婚活を進めるにあたっては、親からの精神的自立が必要になってきます。

親からの精神的自立とは、親の考えや感覚を尊重しながら、自分の考えや感覚を持ち、程良い距離感が保てるということです。(私の経験上の解釈です)

大人になると、親(特に母親)が恋しいという時期はもちろん過ぎていますが、逆に親の発言が鬱陶しいという場合があります。鬱陶しいということは、距離感が近いということですね。

特に親の顔色を見て育ってきた方は、親の発言に引っ張られて感情的になってしまいます。

自分と親は違う人生を生きていますから、親の世代の価値観と自分の世代の価値観は違います。
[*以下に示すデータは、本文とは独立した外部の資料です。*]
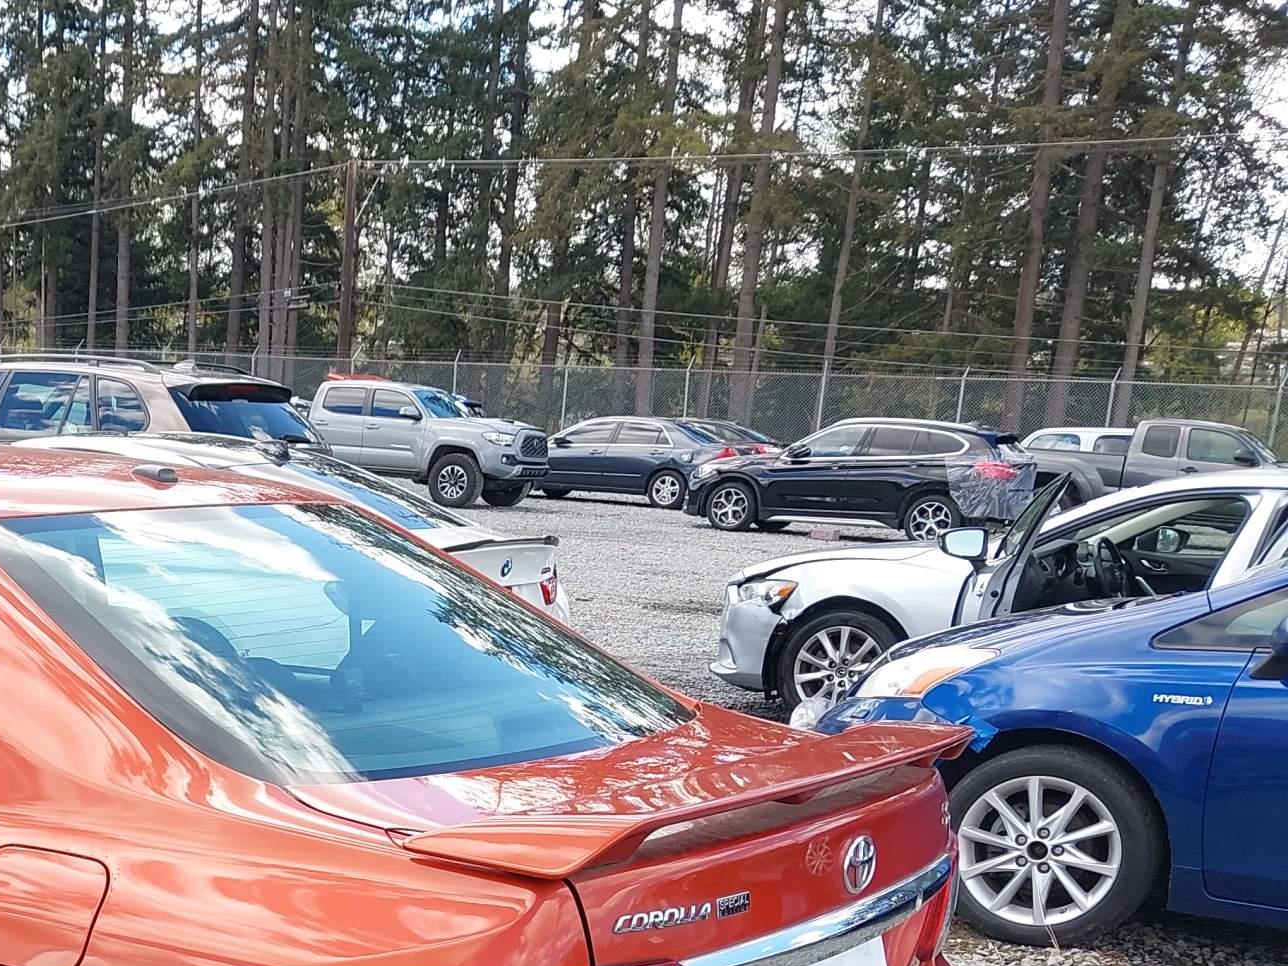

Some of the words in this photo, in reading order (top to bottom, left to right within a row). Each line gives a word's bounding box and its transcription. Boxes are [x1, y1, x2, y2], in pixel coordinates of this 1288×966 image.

[1153, 693, 1205, 706] HYBRID
[614, 902, 711, 933] COROLLA
[719, 892, 749, 911] SPECIAL
親の価値観を尊重しつつ、自分の人生を生きようと思っても、実践はなかなか・・・というところですよね。

親のいうことに感情を揺さぶられずスルーするには、FAP療法の開発者大嶋信頼先生が仰っられている「客観的事実」だけを見るというのがおススメです。親の思いや考えに引っ張られず「客観的事実」だけを見て、自他分離を目指すというものです。

私の例で見てみましょう。

私の母は、昨年2月に肺炎になり半年ほど入院し、その後ベットから起きれず寝たきりになってしまいました。現在、介護施設でお世話になっています。

月に1~2度、母に会いに行きます。

自由に動けないので、母自身イライラすることが多く、こちらも引っ張られてイライラすることがあります。
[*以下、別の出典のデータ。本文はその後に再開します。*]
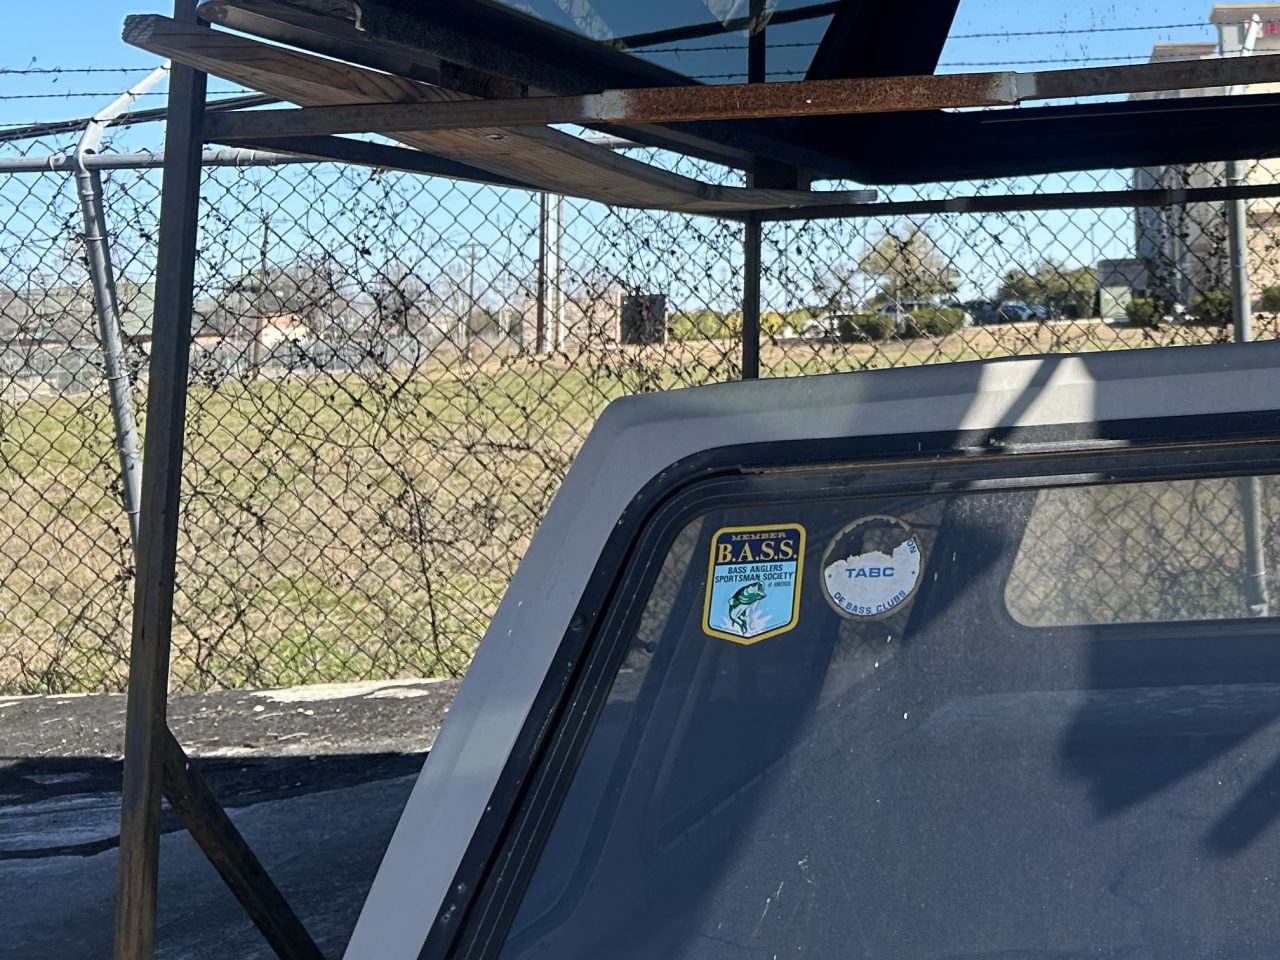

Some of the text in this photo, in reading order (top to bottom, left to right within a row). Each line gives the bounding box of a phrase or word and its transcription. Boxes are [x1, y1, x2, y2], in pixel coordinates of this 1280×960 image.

そこで、母の状態を「客観的な事実」のみで見ていきます。

私「こんにちは」

母「あー、来た」

私「来たよ」

母の部屋に着いたらすぐに

母「そこのタンス開けて。いらない服を整理したいねん」

私「そう」

母「全部出して」

つっけんどんな言い方をする母に、こちらもイライラするところですが、客観的事実は、母は眉間に皺を寄せて強い口調でタンスから服を「全部出して」と言っただけなのです。母のイライラしている感情は捉えずに、

私「全部出すのね」

母「全部や」

私「それで?」

母「これとこれはいらんから捨てて。これは置いておく」

と仕訳を始めます。

私「これは捨てる、これはタンスに、なのね」

「客観的事実」は、捨てる服とタンスに入れる服がそこにあるだけです。

以前だったら「母は動けなくて大変だから、辛いだろうな」と思っていました。そう思うと「私が何かしないといけないのに」と思い、介護をしていない自分に罪悪感が湧いてきます。

「客観的事実」だけを捉えると「今、母はベットで一日を過ごすことが多い。食事の時は、介護士さんが支えて下さり車椅子で食堂まで移動をして食事をする」ということなのです。

幸か不幸かは分からないのです。不幸だなと思うのは私の思い込みでもあります。母は口は達者なので、介護士さんとコミュニケーションが取れ、楽しい時もあるかも知れません。

状態や状況など「客観的事実」だけを見ていくと、私の感情はスーッと穏やかになり、母が言っていることにだけ集中できるようになっていました。

できることは「はい」、できないことは「できないなぁ」と自然に言えるようになり、エネルギーのロスがなくなりました。

自分と母との分離ができると「母はこうなのね」と自然に、否定はせず共感的になっていました。

「客観的事実」を見ていくことは、親からの精神的自立を促し、婚活にも役立つと思います。